You have to read SF from more than a few decades back to
grasp just how tight the grip of a single linear vision of the future has
become on what used to be a much more freewheeling literature of ideas. In book
after book, and even more in film after film, technologies that are obviously
derived from ours, ideologies that are indistinguishable from ours, political
and economic arrangements that could pass for ours, and attitudes and ideas
that belong to this or that side of today’s cultural struggles get projected
onto the future as though they’re the only imaginable options. This takes place
even when there’s very good reason to think that the linear continuation of
current trends isn’t an option at all—for example, the endlessly regurgitated,
done-to-death trope of interstellar travel.
Let us please be real:
we aren’t going to the stars—not in our lifetimes, not in the lifetime
of industrial civilization, not
in the lifetime of our species. There are equally good thermodynamic and economic reasons to
believe that many of the other standard tropes of contemporary science fiction
are just as unreachable—that, for example, limitless energy from gimmicks of
the dilithium-crystal variety, artificial intelligences capable of human or
superhuman thought, and the like belong to fantasy, not to the kind of science
fiction that has any likelihood of becoming science fact. Any of my readers who
want to insist that human beings can create anything they can imagine, by the
way, are welcome to claim that, just as soon as they provide me with a working
perpetual motion machine.
It’s surprisingly common to see people insist that the
absence of the particular set of doodads common to today’s science fiction
would condemn our descendants to a future of endless boredom. This attitude
shows a bizarre stunting of the imagination—not least because stories about
interstellar travel normally end up landing the protagonists in a world closely
modeled on some past or present corner of the Earth. If our genus lasts as long
as the average genus of vertebrate megafauna, we’ve got maybe ten million years
ahead of us, or roughly two thousand times as long as all of recorded human
history to date: more than enough time for human beings to come up with a
dazzling assortment of creative, unexpected, radically different
societies, technologies, and ways of facing the universe and themselves.
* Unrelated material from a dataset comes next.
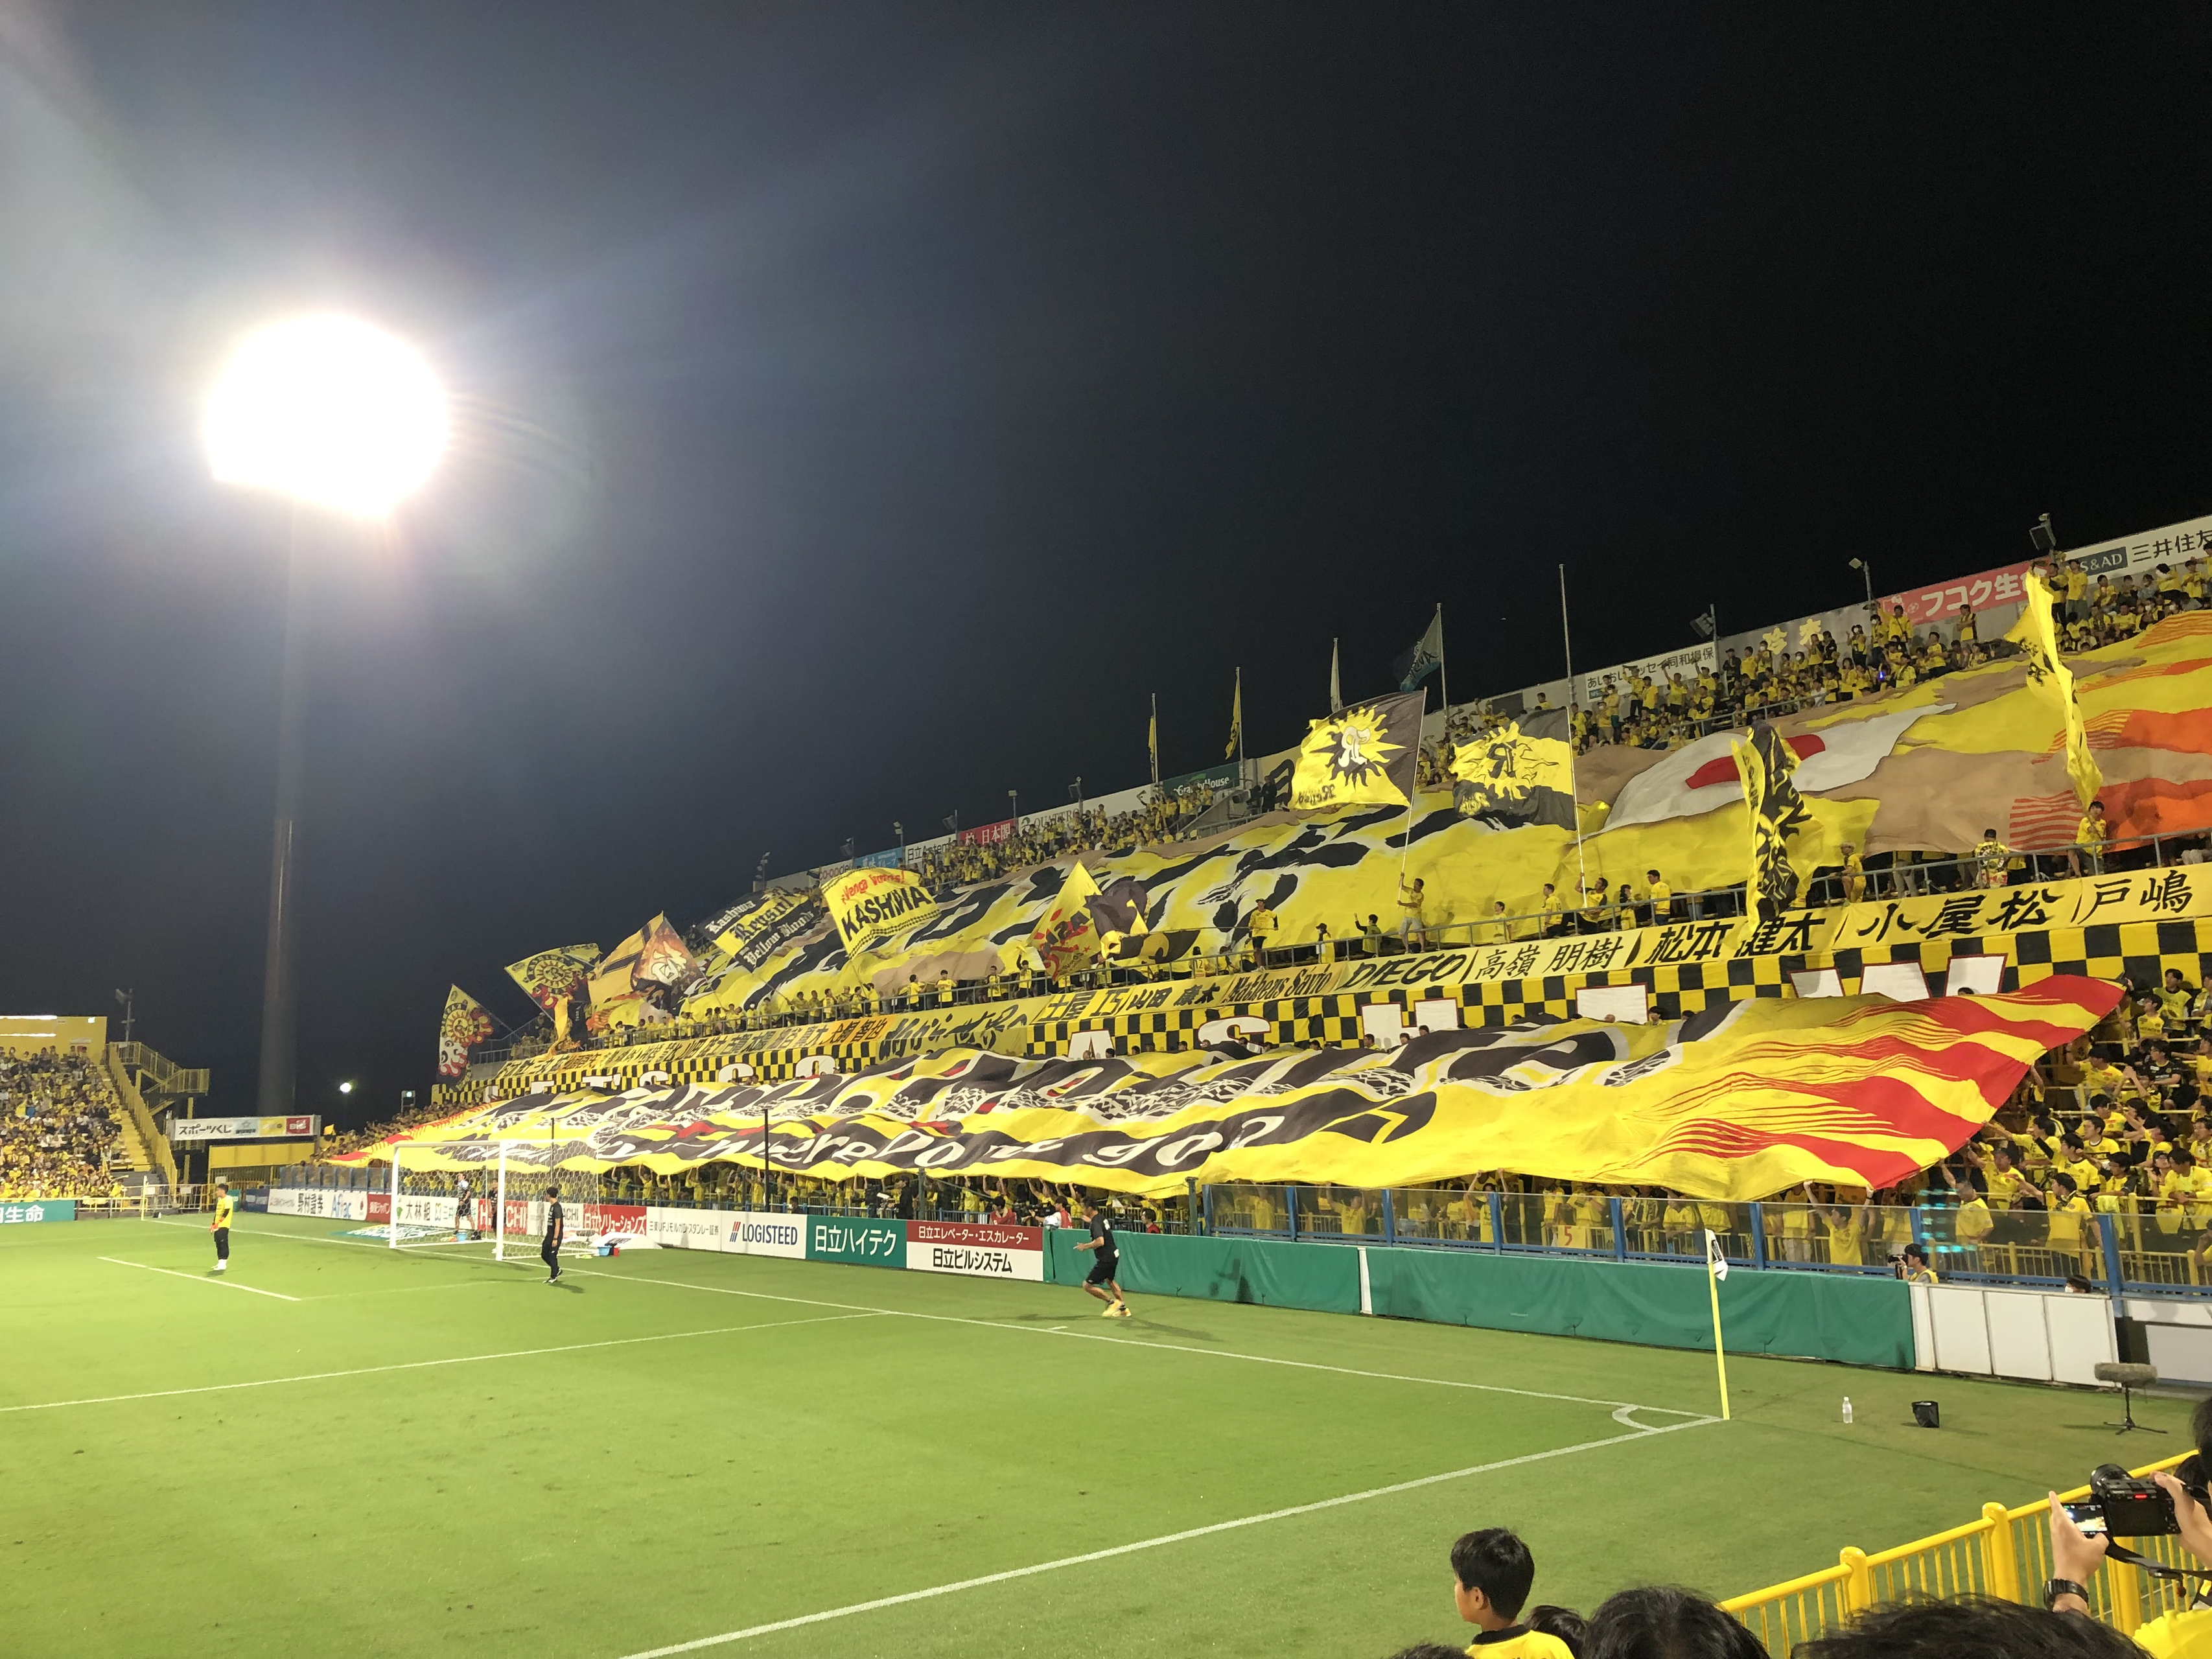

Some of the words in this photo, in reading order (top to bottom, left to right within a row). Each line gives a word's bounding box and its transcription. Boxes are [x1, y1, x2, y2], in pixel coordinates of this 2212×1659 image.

That’s what I’d like to see in submissions to this year’s
Space Bats challenge—yes, it’ll be an annual thing from here on out, as long as
the market for such stories remains lively. A thousand years from now,
industrial civilization will be as far in the past as the Roman Empire was at
the time of the Renaissance, and new human societies will have arisen to pass
their own judgment on the relics of our age. Ten thousand years from now, or
ten million? Those are also options. Fling yourself into the far future, far enough
that today’s crises are matters for the history books, or tales out of ancient
myth, or forgotten as completely as the crises and achievements of the
Neanderthal people are today, and tell a story about human beings (or,
potentially, post-human beings) confronting the challenges of their own time in
their own way. Do it with verve and a good readable style, and your story may
be be one of the ones chosen to appear in the pages of After Oil 4: The Future’s Distant Shores.